Dalam rapat paripurna DPR RI, Kamis (5/12/2024), politikus PDIP, Rieke Diah Pitaloka, meminta Presiden Prabowo Subianto membatalkan rencana kenaikan tersebut. Ia menyebut langkah ini bisa menjadi "kado tahun baru" bagi rakyat.
"Dengan rendah hati, saya rekomendasikan menunda atau membatalkan kenaikan PPN 12 persen sesuai amanat UU Nomor 7 Tahun 2021," ujar Rieke, seraya mendorong penerapan sistem self-assessment dalam tata kelola perpajakan sebagai solusi untuk meningkatkan penerimaan negara sekaligus memberantas korupsi.
Namun, pernyataan Rieke memicu tanggapan keras dari Fraksi Gerindra. Anggota Komisi XI DPR RI, Wihadi Wiyanto, menyebut bahwa UU HPP merupakan hasil inisiatif pemerintahan Presiden Jokowi dan didukung penuh oleh PDIP yang memimpin panitia kerja (panja) pembahasan UU tersebut.
"Kenaikan PPN adalah amanat UU HPP yang diinisiasi PDIP. Jadi, menyudutkan pemerintahan Prabowo atas kebijakan ini tidak tepat," kata Wihadi, Minggu (22/12/2024). Ia menambahkan, Presiden Prabowo berupaya melindungi masyarakat menengah bawah dengan menerapkan kenaikan hanya pada barang mewah.
PDIP vs Gerindra: Saling Lempar Tanggung Jawab
Waketum Gerindra, Rahayu Saraswati, juga heran dengan sikap PDIP yang kini menolak kenaikan PPN. "Mereka dulu memimpin panja UU HPP. Kalau sekarang menolak, kenapa tidak dilakukan saat pembahasan dulu?" kata Sara.
Di sisi lain, PDIP melalui Wakil Ketua Komisi XI DPR RI, Dolfie Othniel Frederic Palit, menegaskan bahwa UU HPP adalah inisiatif pemerintah Jokowi pada 2021. Ia menjelaskan, delapan fraksi, termasuk PDIP dan Gerindra, menyetujui pengesahan UU tersebut.

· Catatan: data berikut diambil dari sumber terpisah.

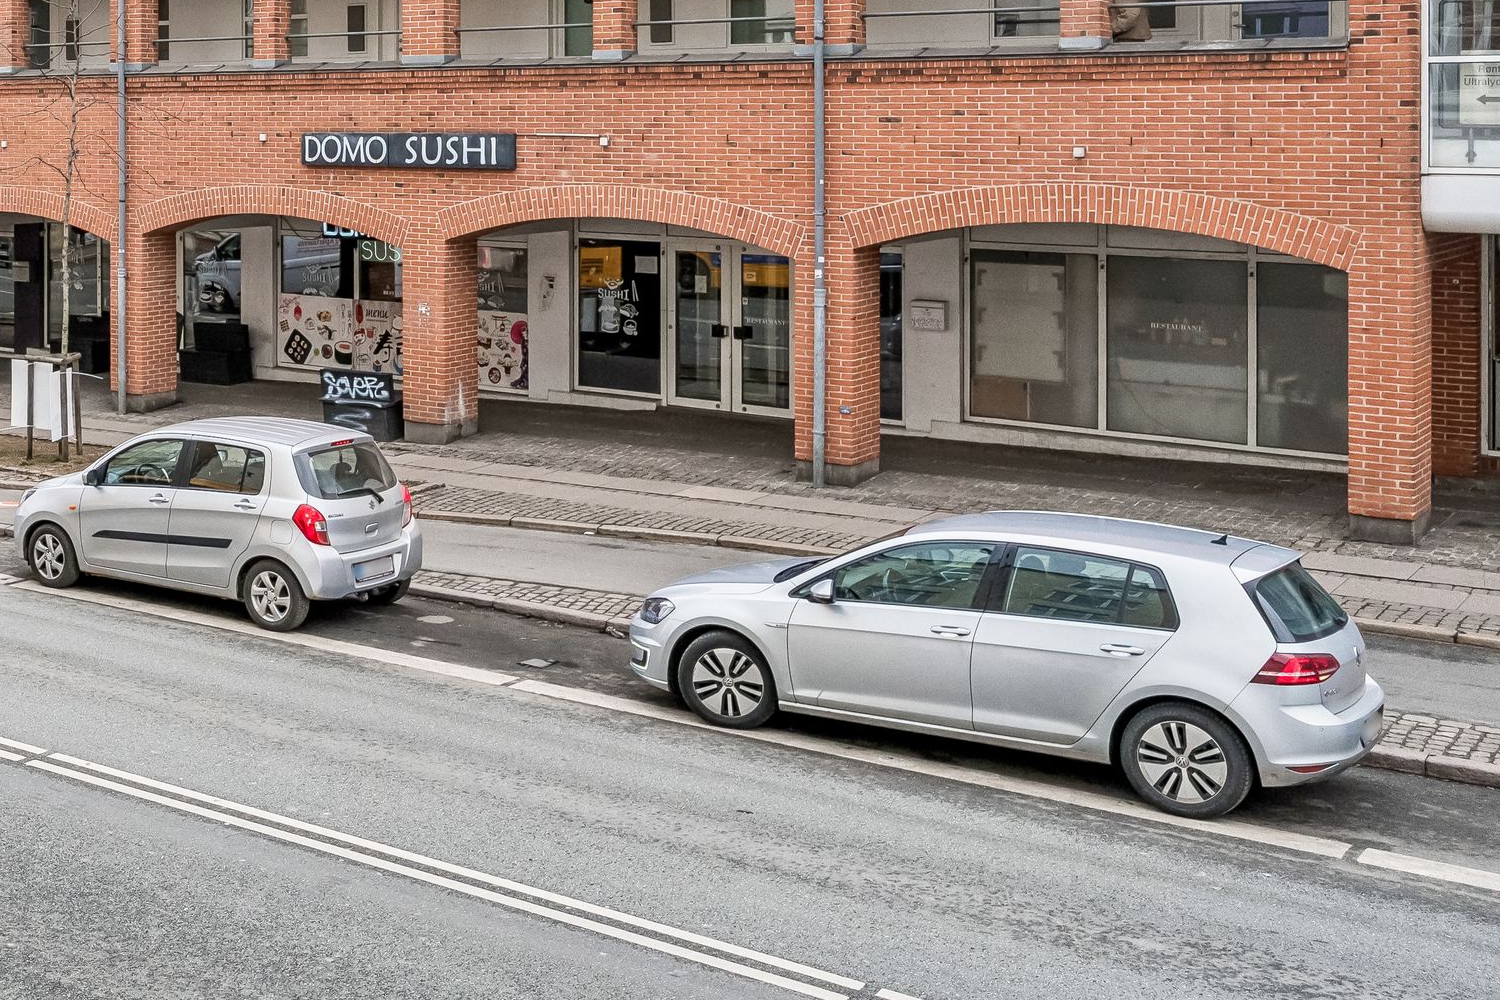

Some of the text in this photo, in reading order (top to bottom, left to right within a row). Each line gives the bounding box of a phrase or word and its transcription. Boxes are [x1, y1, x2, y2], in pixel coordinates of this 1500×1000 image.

Dolfie mengingatkan bahwa tarif PPN bisa diubah dalam rentang 5-15 persen sesuai kondisi ekonomi. Ia pun memberi masukan agar kenaikan PPN dibarengi peningkatan lapangan kerja, pertumbuhan ekonomi berkualitas, dan perbaikan layanan publik.
Persoalan Ekonomi di Balik Kenaikan PPN
Kenaikan PPN 12 persen yang dijadwalkan berlaku 2025 memicu kritik karena dinilai berisiko memperburuk daya beli masyarakat. Namun, para pendukung kebijakan ini menyebutnya sebagai langkah strategis untuk meningkatkan pendapatan negara.
Wihadi menilai langkah Presiden Prabowo sudah bijaksana. "Beliau memastikan dampak kenaikan PPN terhadap masyarakat menengah bawah tetap minimal," tegasnya.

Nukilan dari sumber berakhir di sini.